Dataset excerpts Block Start

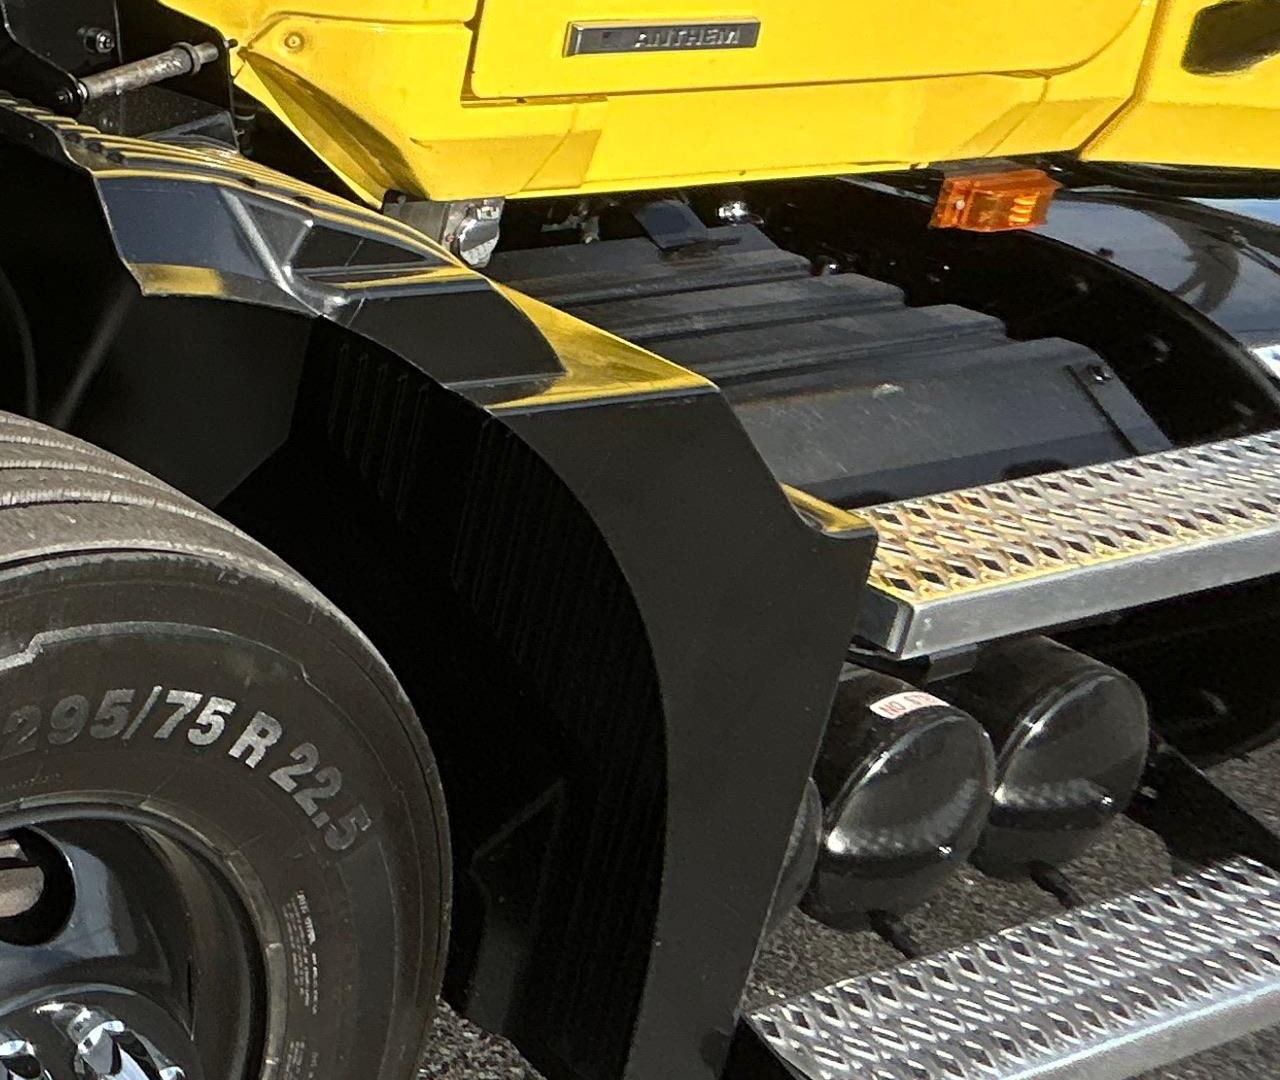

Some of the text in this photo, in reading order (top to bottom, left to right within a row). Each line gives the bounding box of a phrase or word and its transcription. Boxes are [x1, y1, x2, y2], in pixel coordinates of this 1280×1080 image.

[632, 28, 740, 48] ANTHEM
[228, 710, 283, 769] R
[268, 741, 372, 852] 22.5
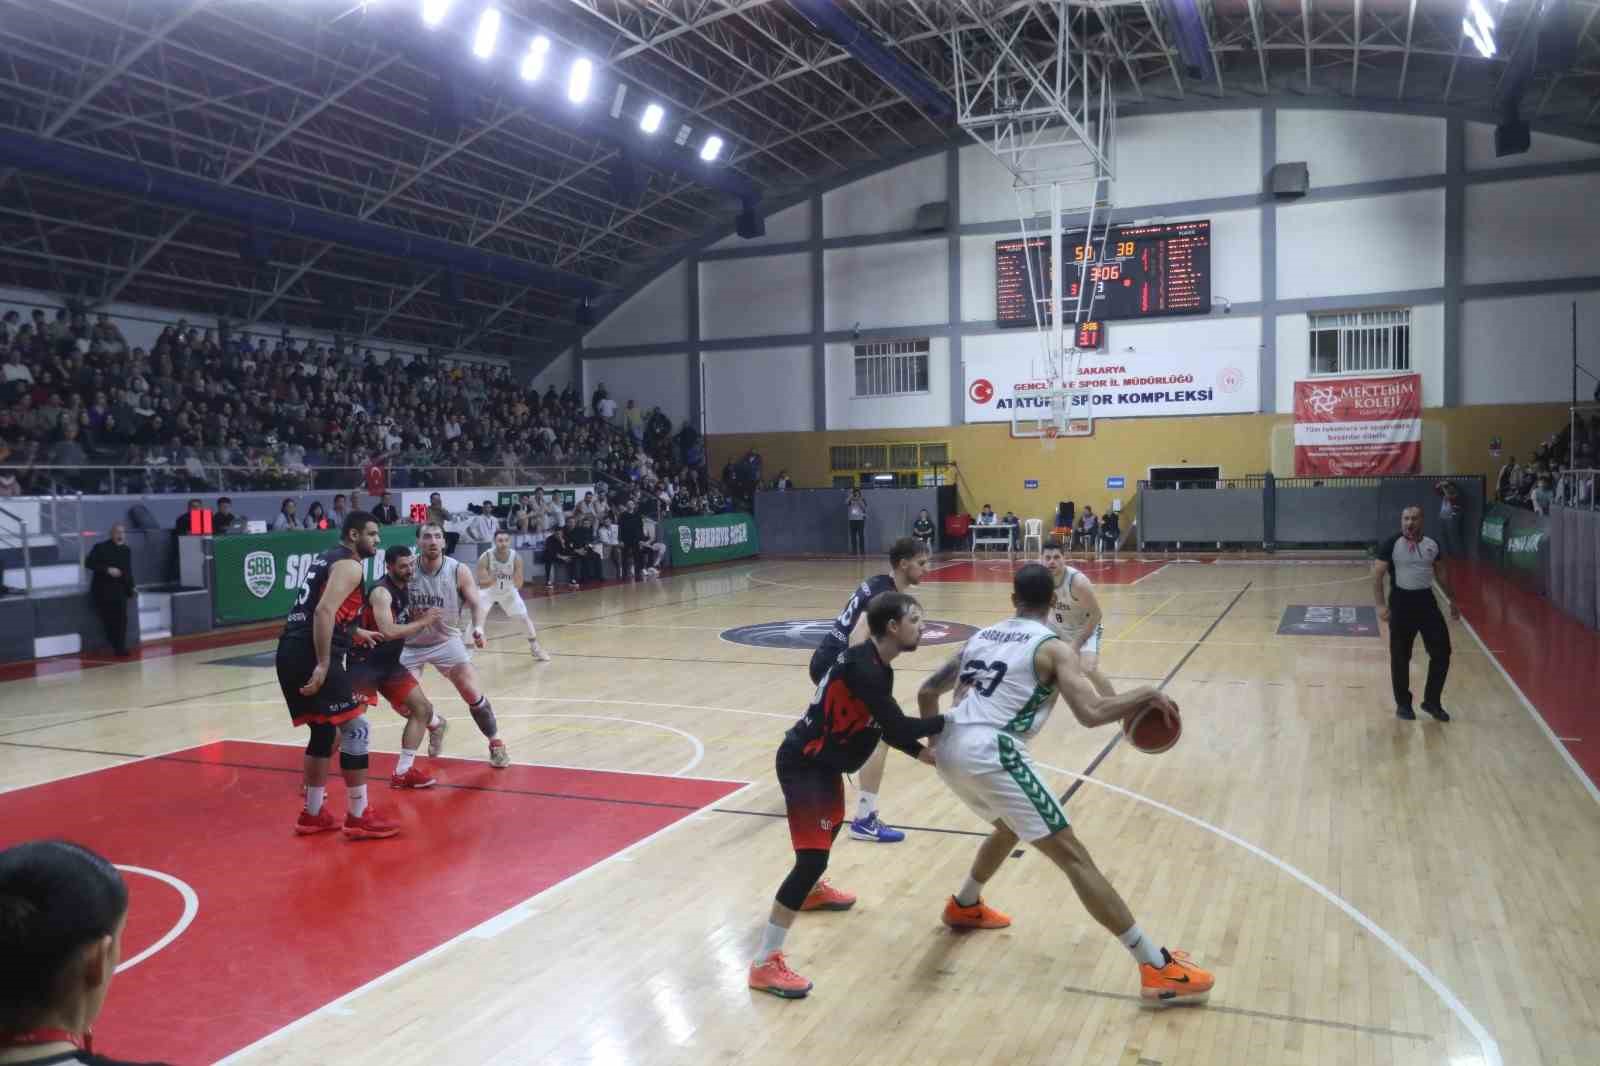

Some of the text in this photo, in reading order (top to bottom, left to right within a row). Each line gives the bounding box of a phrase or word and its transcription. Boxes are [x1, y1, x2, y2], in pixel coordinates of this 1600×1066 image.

Dataset excerpts Block End

Print all the entries exactly as they appear, without the pictures.

Solution:
Some of the text in this photo, in reading order (top to bottom, left to right within a row). Each line gives the bounding box of a phrase or word and its transcription. Boxes are [x1, y1, x2, y2], in pixel coordinates of this 1280×1080 image.

[632, 28, 740, 48] ANTHEM
[228, 710, 283, 769] R
[268, 741, 372, 852] 22.5

Some of the text in this photo, in reading order (top to bottom, left to right within a row). Each line gives the bounding box of a phrase or word and its transcription. Boxes are [x1, y1, x2, y2], in pixel coordinates of this 1600×1066 image.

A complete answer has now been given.